I’ve asked that question to people in states across the country over the years, and the answers can be varied and complicated.
From Trump supporters you hear complaints about race issues and education that sometimes amount to white grudges. You hear complaints about gender issues. About cancel culture. And about major shifts in the economy — especially the shift from the carbon fuels and toward free trade that they blame for crushing many traditional job categories.
“People I know who live around here are coal people, energy people,” a man named Paul told me on a terrace in Johnstown, PA, just before the last election. “Biden is getting back in. They’re going to destroy the energy industry.”
Paul said part of what he and his friends loved about Trump was that he was so chaotic, divisive and outrageous. ‘He’s not a politician. And I think that’s more in line with a lot of American people.”

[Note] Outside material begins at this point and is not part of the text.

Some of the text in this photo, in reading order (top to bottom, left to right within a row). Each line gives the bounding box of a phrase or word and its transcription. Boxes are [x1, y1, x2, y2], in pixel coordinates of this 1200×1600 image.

Last year, a woman in Virginia who backed Trump and Youngkin for governor summed up that Democrats — and what she saw as the special interests behind Critical Race Theory and gender education in schools, and COVID mandates — were tearing her community apart, one she thought felt there. she used to feel more at home. “Those loud, outspoken people are the ones who get what they want. We don’t want to hear any more about it. Shut up! Just keep them quiet, that’s how I feel, you know?”
Perhaps the most indicative answer I’ve heard came from a man from Georgia named Greg Mintz who told me, “I know the world is advancing and I’m making progress. But some of the changes I’m hearing from the Democratic side — I don’t want my daughter growing up in a world that looks so different from the one I grew up in.”

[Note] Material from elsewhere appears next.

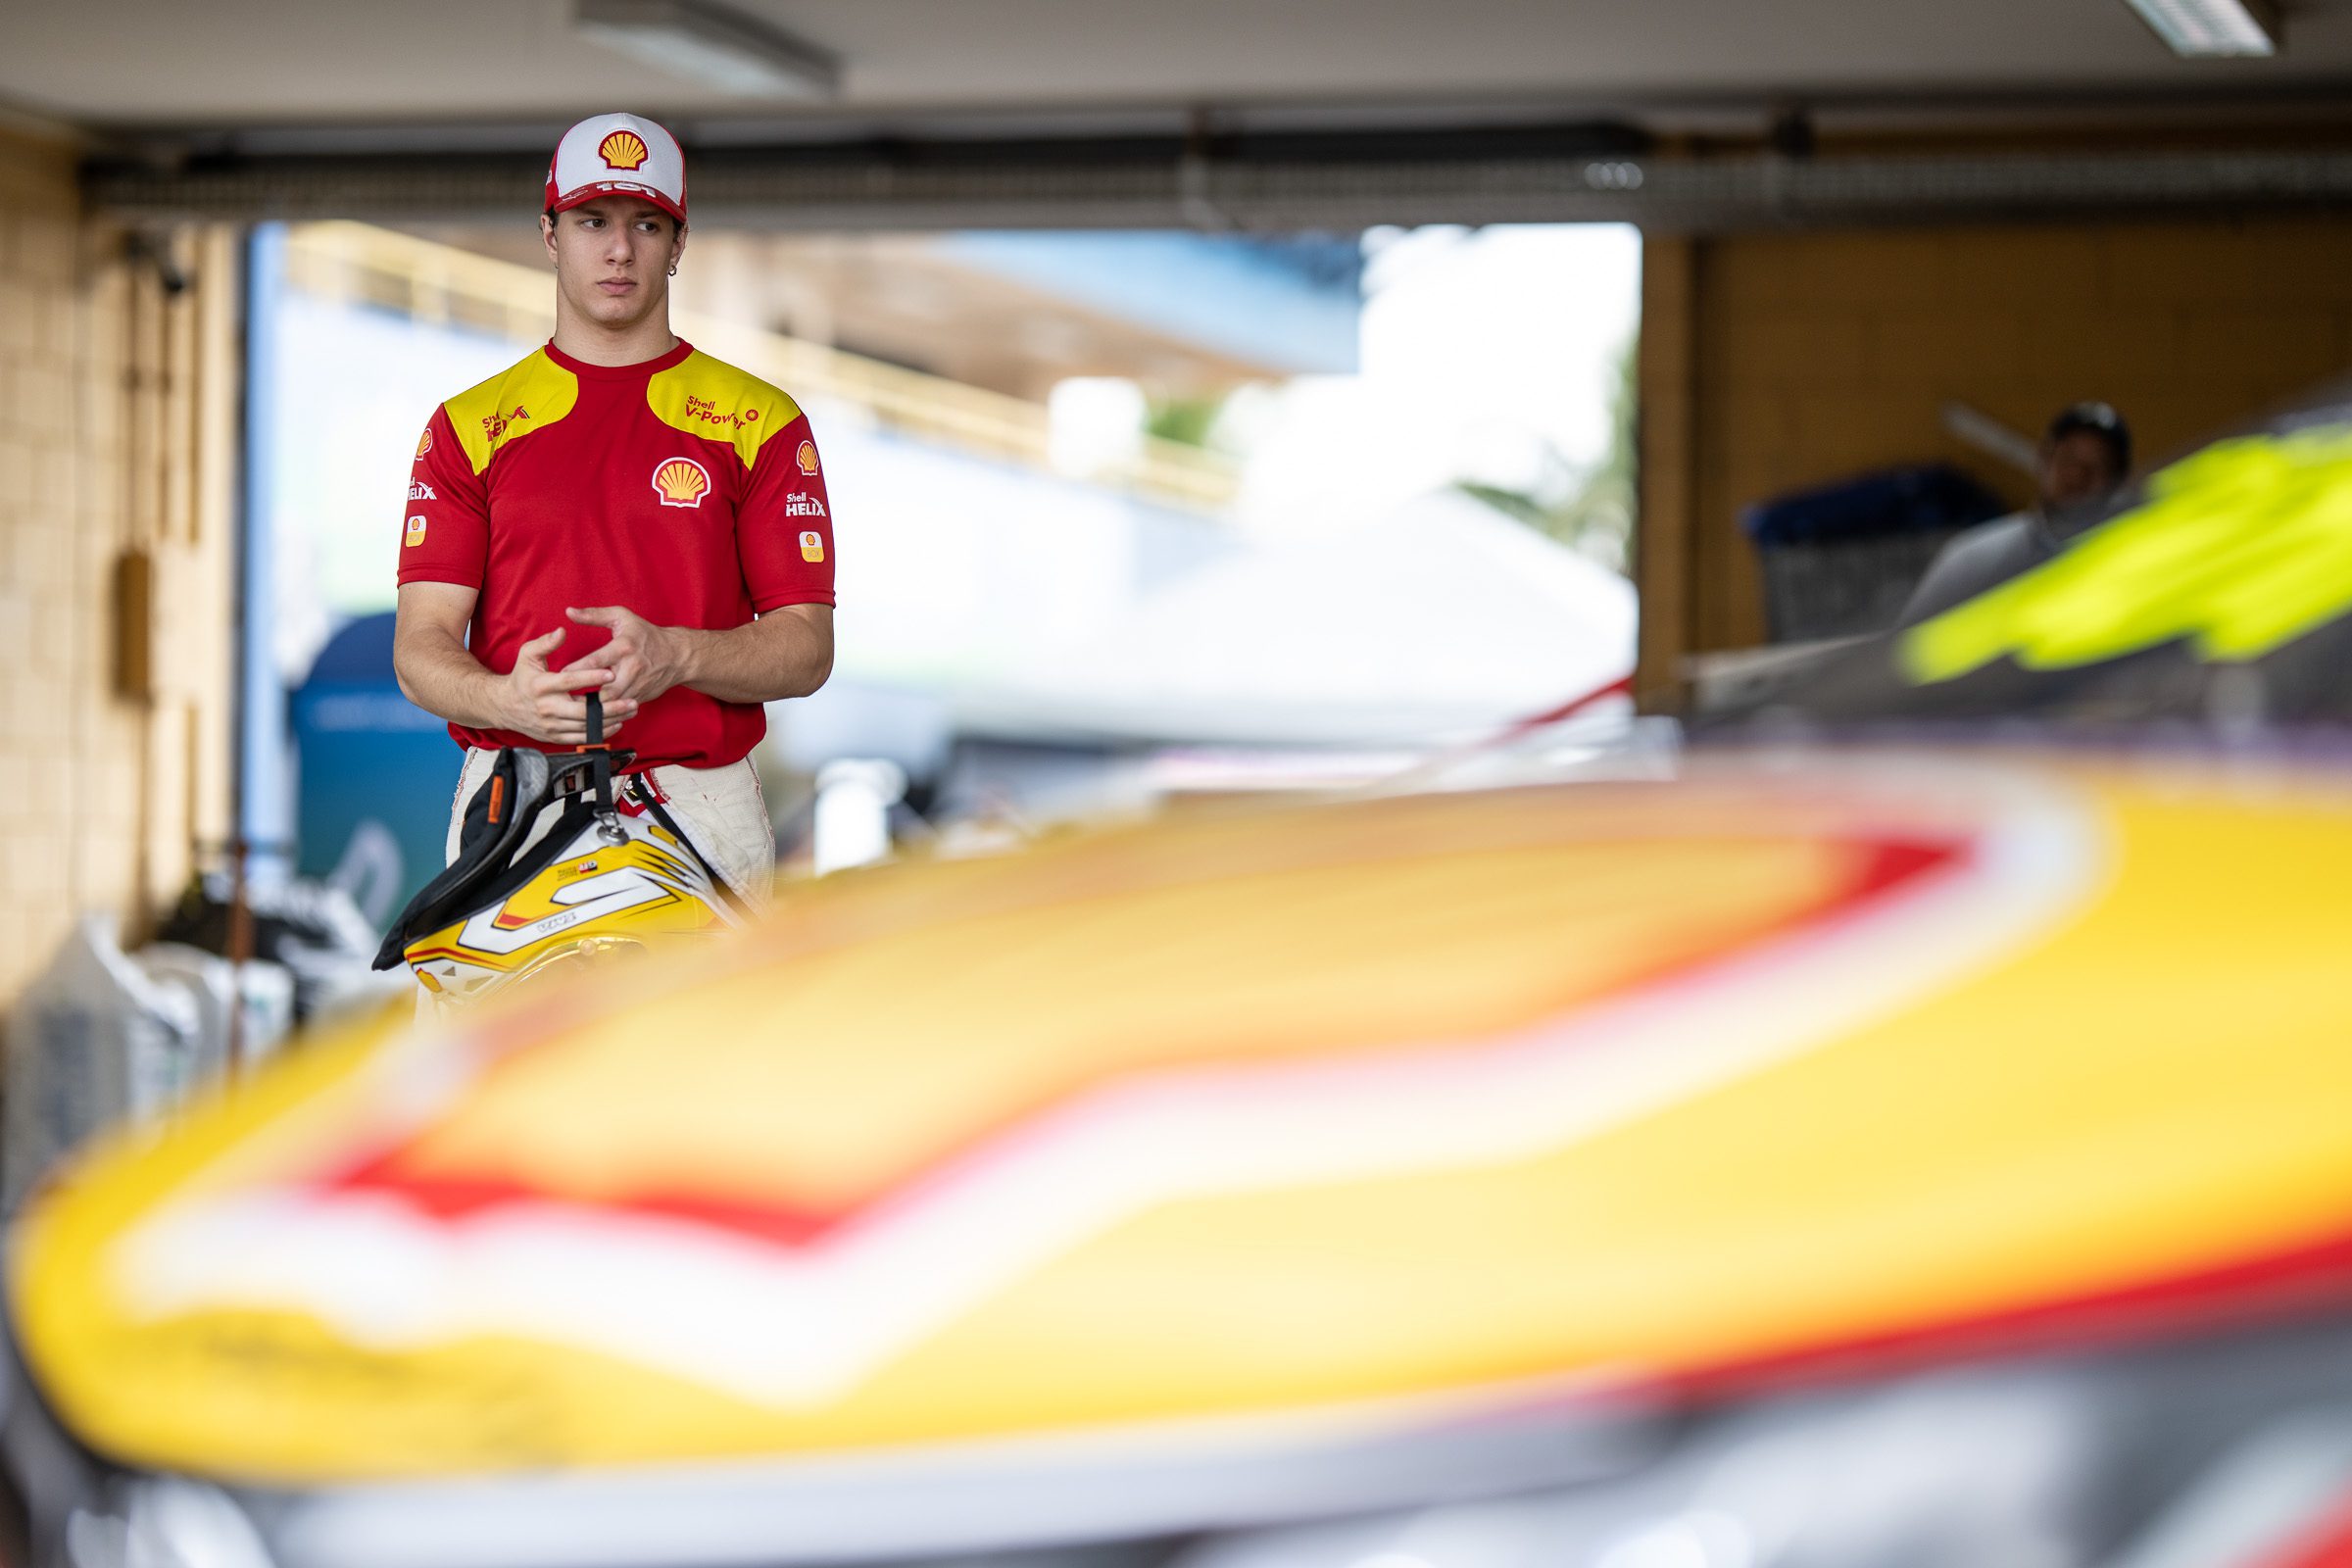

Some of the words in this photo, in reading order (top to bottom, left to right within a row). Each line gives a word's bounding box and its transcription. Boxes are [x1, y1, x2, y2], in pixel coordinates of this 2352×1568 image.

[688, 395, 716, 411] Shell
[686, 405, 746, 430] V-Power
[786, 492, 807, 504] Shell
[786, 497, 826, 517] HELIX

You boil it all down and a lot of people feel like the world is changing in ways that shut them out, or make them feel like the power they used to have has diminished. They are angry about it.
Donald Trump channels that anger and promises revenge.

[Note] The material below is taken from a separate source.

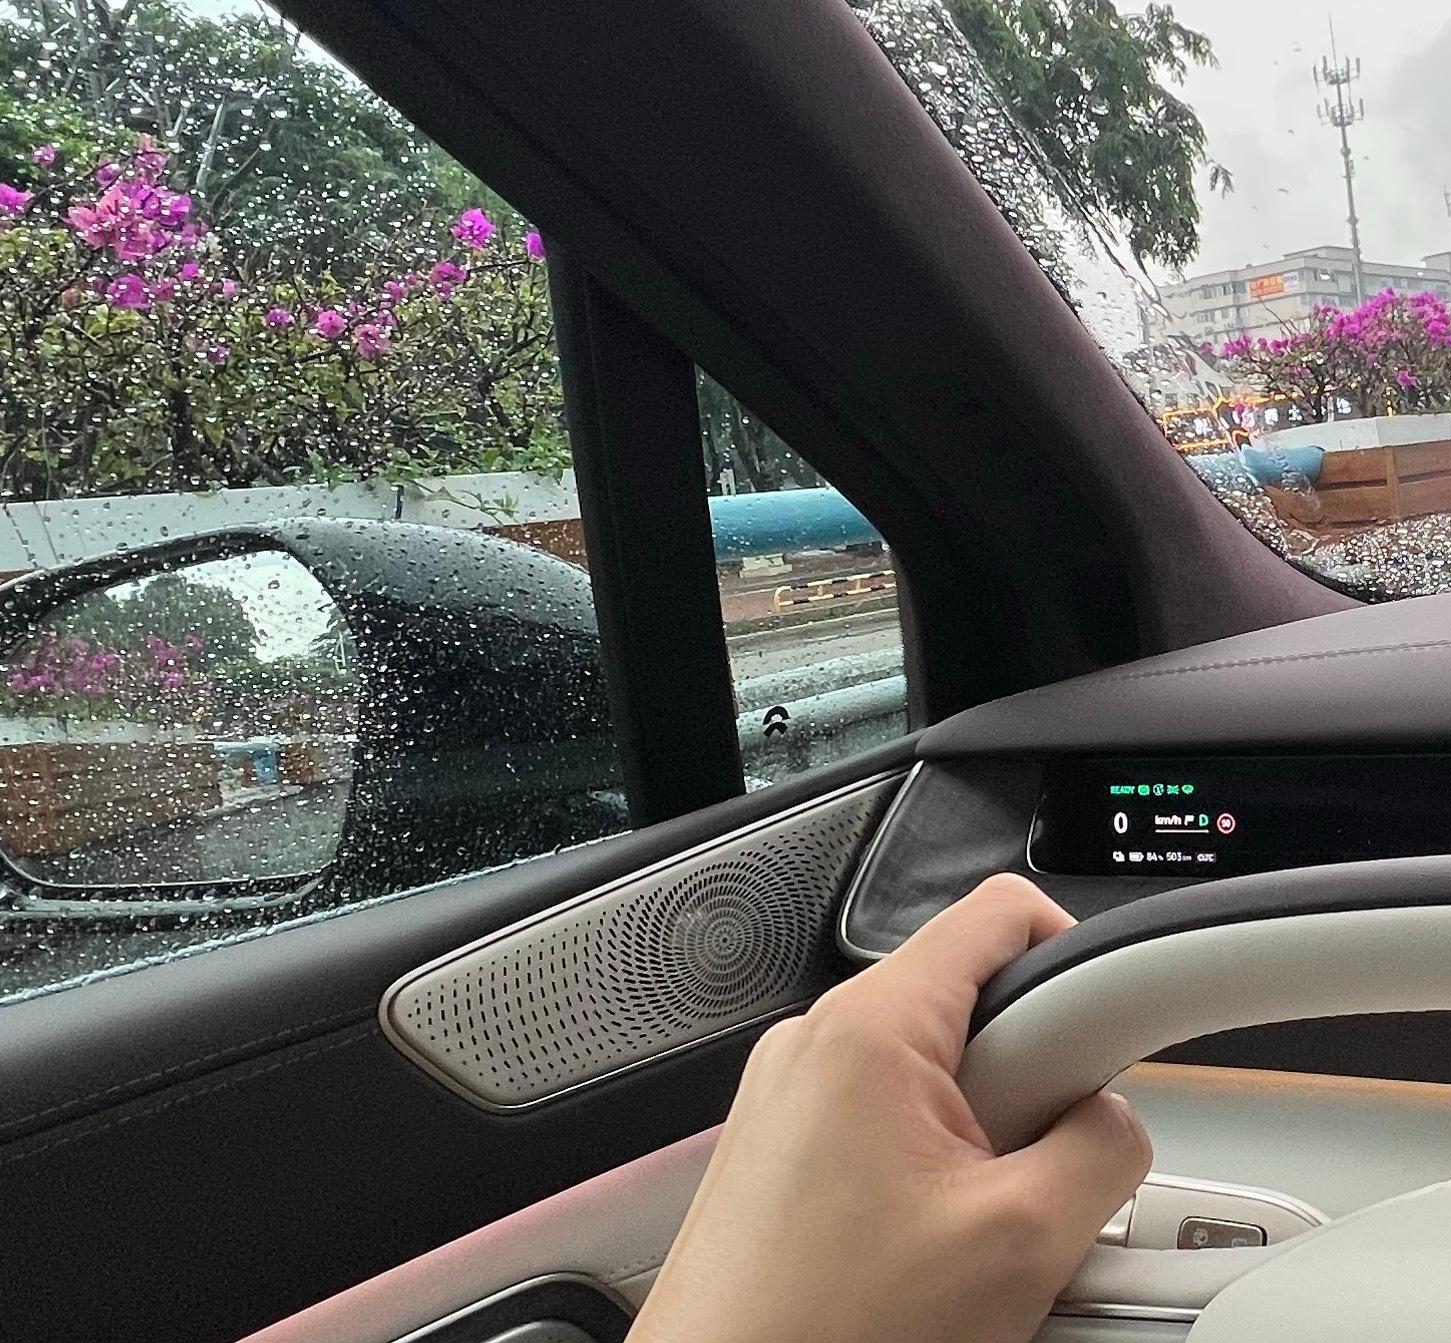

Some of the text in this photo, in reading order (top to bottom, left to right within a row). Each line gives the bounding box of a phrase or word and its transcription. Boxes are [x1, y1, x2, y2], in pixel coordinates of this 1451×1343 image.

[1113, 811, 1128, 834] 0
[1154, 815, 1182, 825] km/h
[1198, 813, 1209, 826] D

Trump is often accused by traditional corporate Republicans of not being a “true conservative” given his economic populism against free trade. But William F. Buckley famously said, “A conservative is one who stands across history and yells stop.”
Trump, whose slogan “Make America Great Again” is about returning to an idealized past, is that: He’s yelling “stop.” And threaten with a significant “or else”.
Recently, Trump has been obsessed with the recent past — the election he says has been stolen from him. But it is an extension of a larger theme in which he claimed that his supporters stole their economic and cultural power from them.
Those who want the party to move beyond Trump, like Pence in that speech, may want to talk about the party of the future. But they are boats against the current, incessantly carried back into the past – taking their land with them. Haunted by a former president who won’t let go of his imagined former glory. And his loyal supporters, who do not want that.